[[ THE DATA open ]]
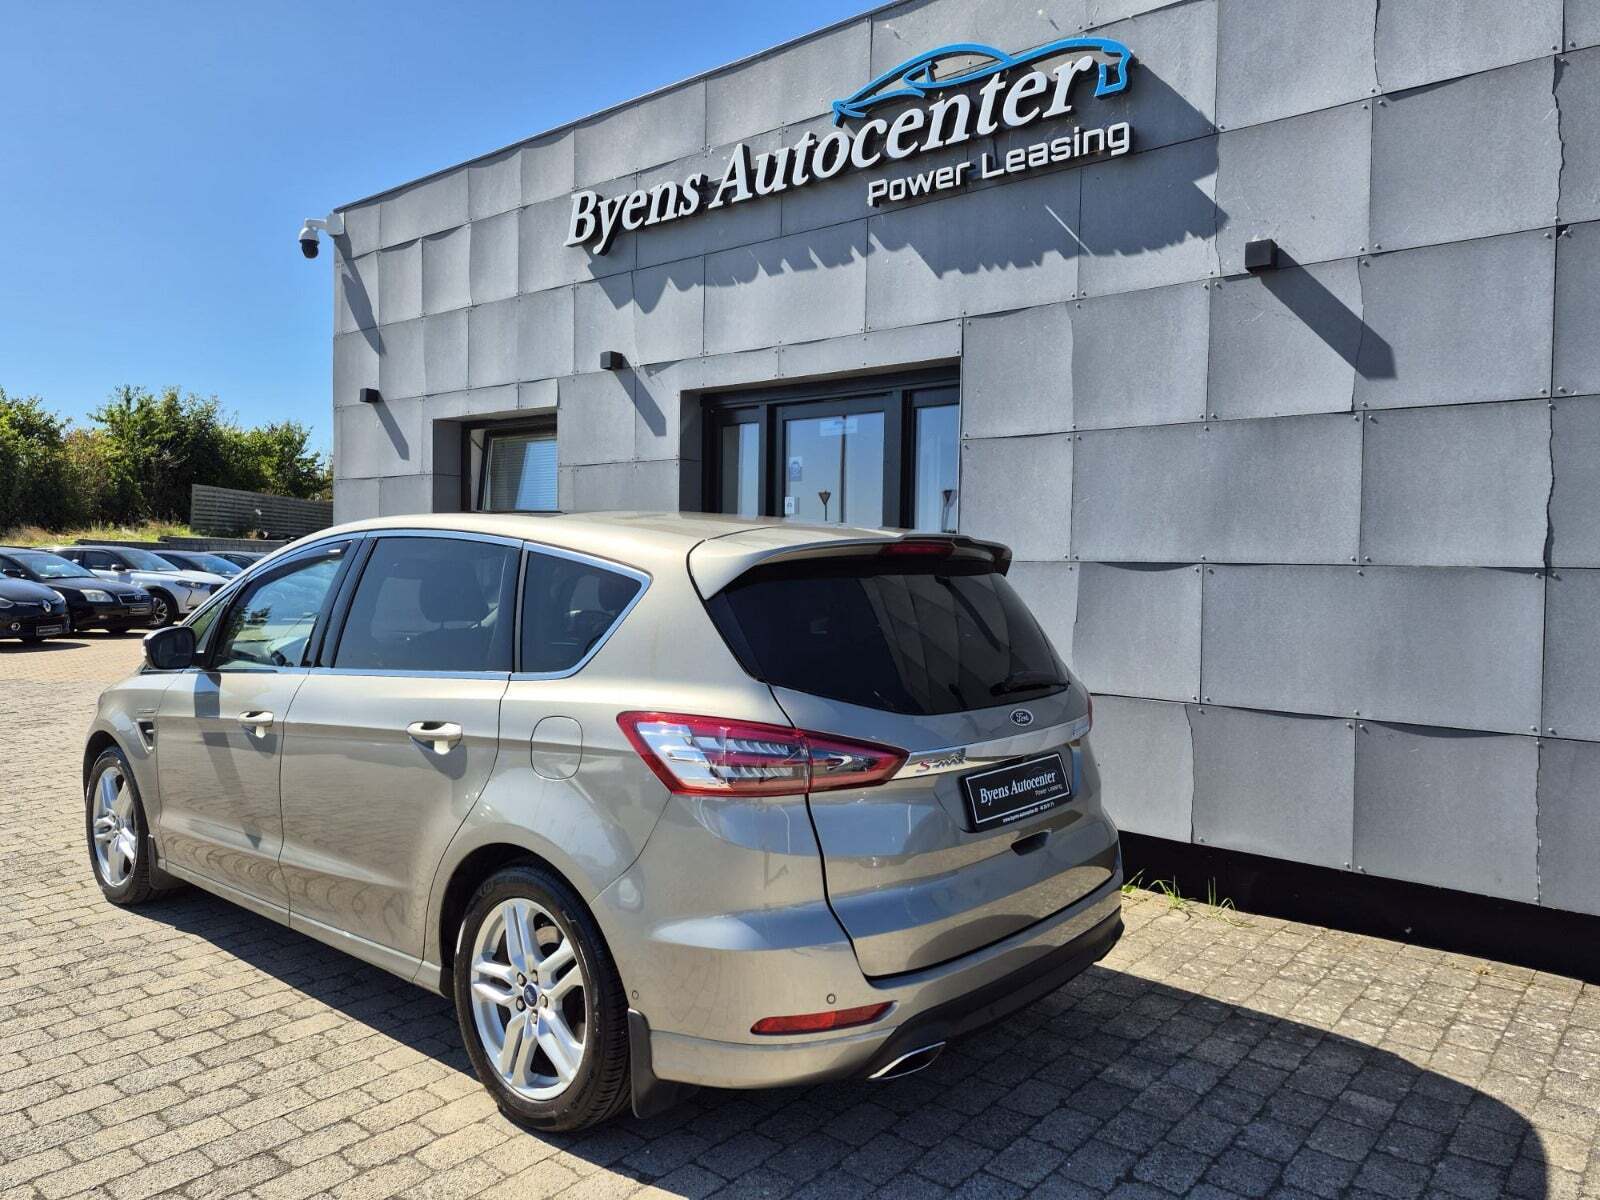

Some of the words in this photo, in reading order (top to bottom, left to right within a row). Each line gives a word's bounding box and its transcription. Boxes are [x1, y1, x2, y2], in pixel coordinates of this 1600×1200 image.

[564, 173, 701, 256] Byens
[707, 55, 1093, 210] Autocenter
[867, 160, 970, 207] Power
[980, 121, 1130, 180] Leasing
[980, 785, 1009, 806] Byens
[1011, 772, 1056, 795] Autocenter
[[ THE DATA closed ]]
Leave every picture out. Retype the remaining data exactly.

- **ANSWER BOX**
Some of the words in this photo, in reading order (top to bottom, left to right within a row). Each line gives a word's bounding box and its transcription. Boxes are [x1, y1, x2, y2], in pixel coordinates of this 1600×1200 image.

[564, 173, 701, 256] Byens
[707, 55, 1093, 210] Autocenter
[867, 160, 970, 207] Power
[980, 121, 1130, 180] Leasing
[980, 785, 1009, 806] Byens
[1011, 772, 1056, 795] Autocenter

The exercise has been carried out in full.